Monday, December 18, 2006

Two Weddings and a Manger

It was early December and there were still so many details needing attention.  Not only was it Christmas and for the first time in years I would be deeply embosomed in the heart of my large family, but I was in the middle of planning my wedding as well as helping my younger sister plan hers.  Our weddings would take place five days apart with Christmas Day sandwiched right in the middle to take advantage of having friends and family there for the holiday week.

I was standing on College Avenue in Fort Collins ready to hit one more used/vintage/nearly new clothing store in search of something special to wear as a bride with no budget.  It was  a bright, snowy day with temperatures in the 20’s.  But the Colorado sun, a mile closer to the earth, warmed my face to the point of feeling the first tingle of a sunburn.  I had instinctively turned towards the sun as I closed my eyes in prayer for guidance and direction while time and resources were waning.  Immediately the title of a recently published inspirational article,  "Maintaining the Manger Attitude" by Marian English* came to thought.   That morning I had grabbed the new issue of the
Christian Science Sentinel on my way out the door to do errands.  I had noticed the title thinking I would read the article as I was waiting in line at the grocery store or at the long stoplights on streets busy with holiday shoppers.

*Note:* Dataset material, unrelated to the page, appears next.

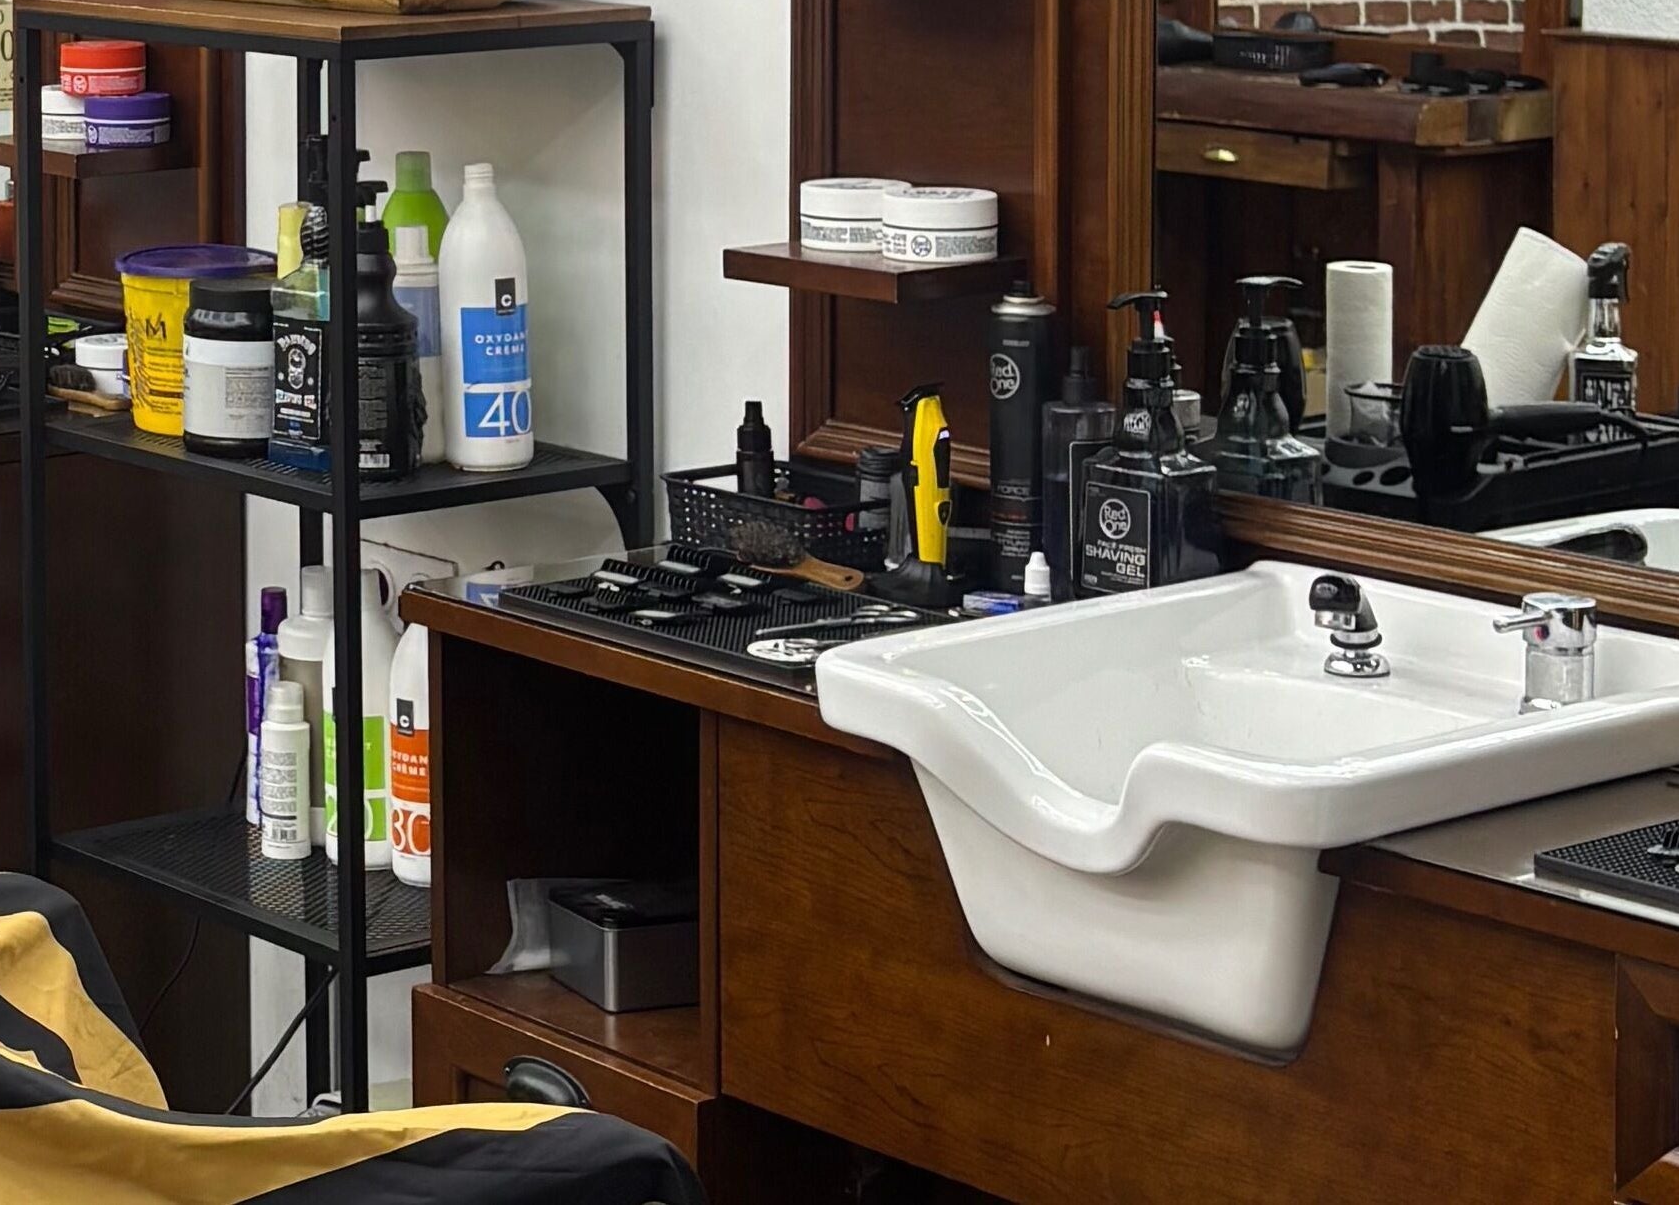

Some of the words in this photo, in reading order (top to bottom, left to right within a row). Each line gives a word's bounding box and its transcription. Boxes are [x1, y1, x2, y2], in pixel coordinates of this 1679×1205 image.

[478, 389, 532, 437] 40
[1086, 544, 1145, 565] SHAVING
[1116, 563, 1145, 578] GEL

I felt a bit blue that day in spite of my mission and the beautiful setting.   There was so much to do.  The burden of getting it all done in a short period of time was weighing heavily that morning on College Avenue.  How would I find something "bridal" to wear for less than $10, decorate the large lodge on a shoestring as well as graciously host the more than two hundred people that would be converging in Colorado for both weddings.  Talk about
no room in the Inn..."we don't even have a manger" I thought as I felt tears of frustration form in the corners of my eyes. 

My "also a bride" sister, Lila,  had offered to meet me that morning as I searched yet one more Goodwill-type store for something that I could creatively customize into bridal attire.  As I waited for her to arrive I prayed with just the
title of that article since I had left the magazine on the seat of the car parked five blocks away.  What would the "manger attitude" look, feel, and sound  like?  Hmm...all I could imagine was peace...peace filling the rafters of that modest structure, peace descending on the straw, peace laying its mantle on a mother's heavy heart and on a father's furrowed brow, peace in the cattle's "lowing", peace in the coo of a dove.  Peace, as the old Christmas carol that I had loved as a child, said:

"How silently, how silently
the wondrous gift is given
So God imparts to human hearts
the blessings of His heaven."

-O Little Town of Bethlehem

The wondrous gift wasn't going to be in finding the $1,000 we needed to pay for the food for our modest reception, or even in figuring out how we would help our 100+ guests find lodging in a remote mountain town.  The wondrous gift would be given to me each moment I found

"Peace on earth, goodwill to men"

throughout the moments of my days filled with errands, purchases, decisions and waiting, waiting, waiting...for R.S.V.P. cards, promised callbacks from vendors and suppliers, traffic lights to change and solutions to reveal themselves like the light from a star in the quiet stillness of my manger heart.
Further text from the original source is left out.